_Requirement_
Without including any picture, copy the entries that follow word for word.

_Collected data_
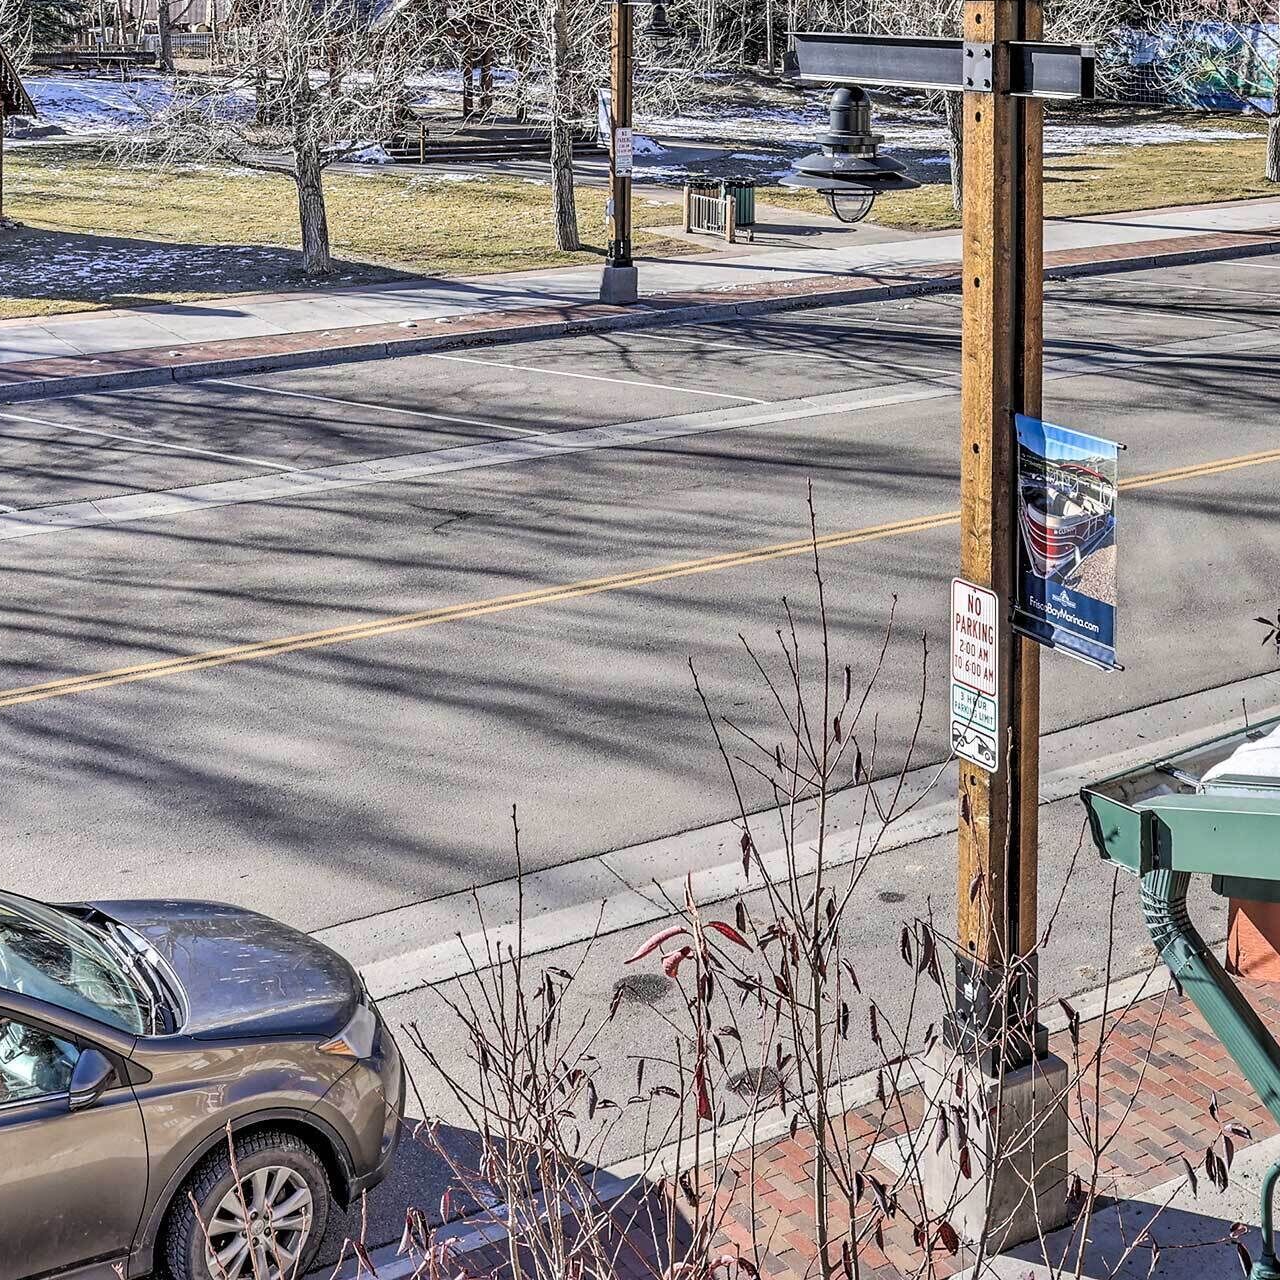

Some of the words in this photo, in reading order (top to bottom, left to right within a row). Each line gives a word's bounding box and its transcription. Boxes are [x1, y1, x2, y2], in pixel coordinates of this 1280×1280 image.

[967, 593, 982, 616] NO
[1029, 595, 1099, 633] FriscoBayMarina.com
[955, 612, 994, 646] PARKING
[959, 639, 976, 657] 2:00
[978, 647, 989, 662] AM
[954, 654, 963, 669] TO
[964, 660, 982, 677] 6:00
[983, 668, 994, 683] AM
[978, 711, 994, 726] LIMIT
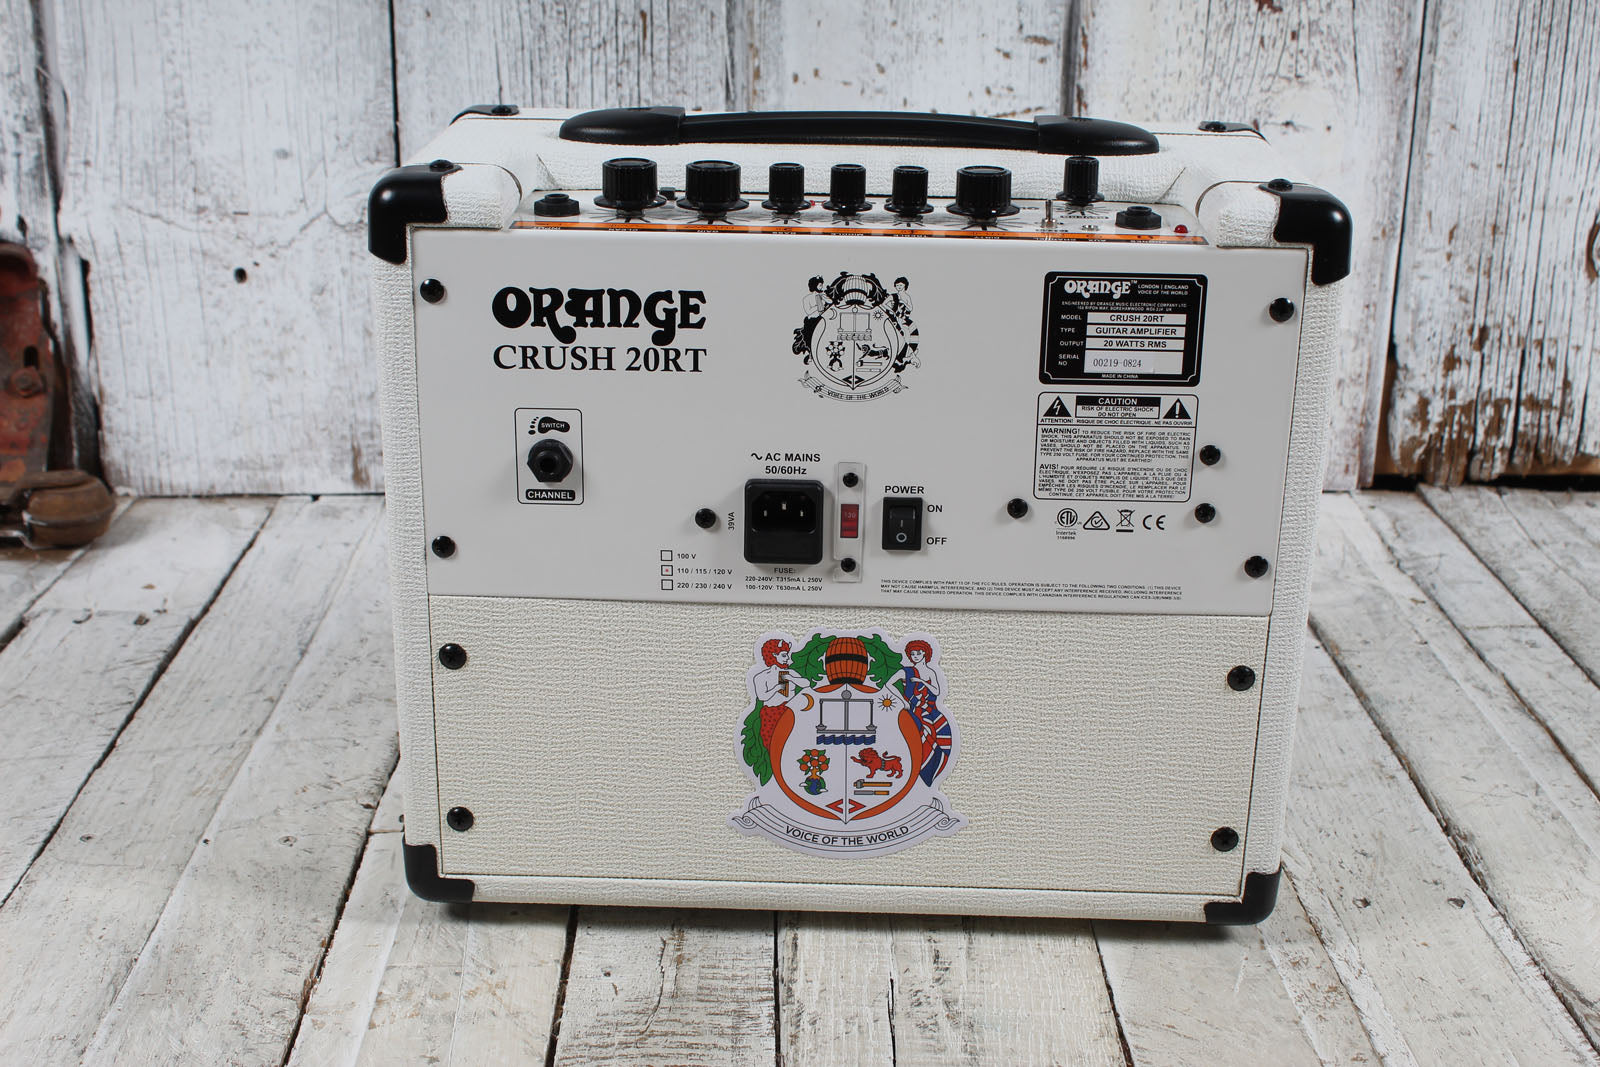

_Solution for this task_
Some of the words in this photo, in reading order (top to bottom, left to right within a row). Each line gives a word's bounding box and its transcription. Boxes are [x1, y1, x2, y2], in pixel coordinates of this 1280×1280 image.

[967, 593, 982, 616] NO
[1029, 595, 1099, 633] FriscoBayMarina.com
[955, 612, 994, 646] PARKING
[959, 639, 976, 657] 2:00
[978, 647, 989, 662] AM
[954, 654, 963, 669] TO
[964, 660, 982, 677] 6:00
[983, 668, 994, 683] AM
[978, 711, 994, 726] LIMIT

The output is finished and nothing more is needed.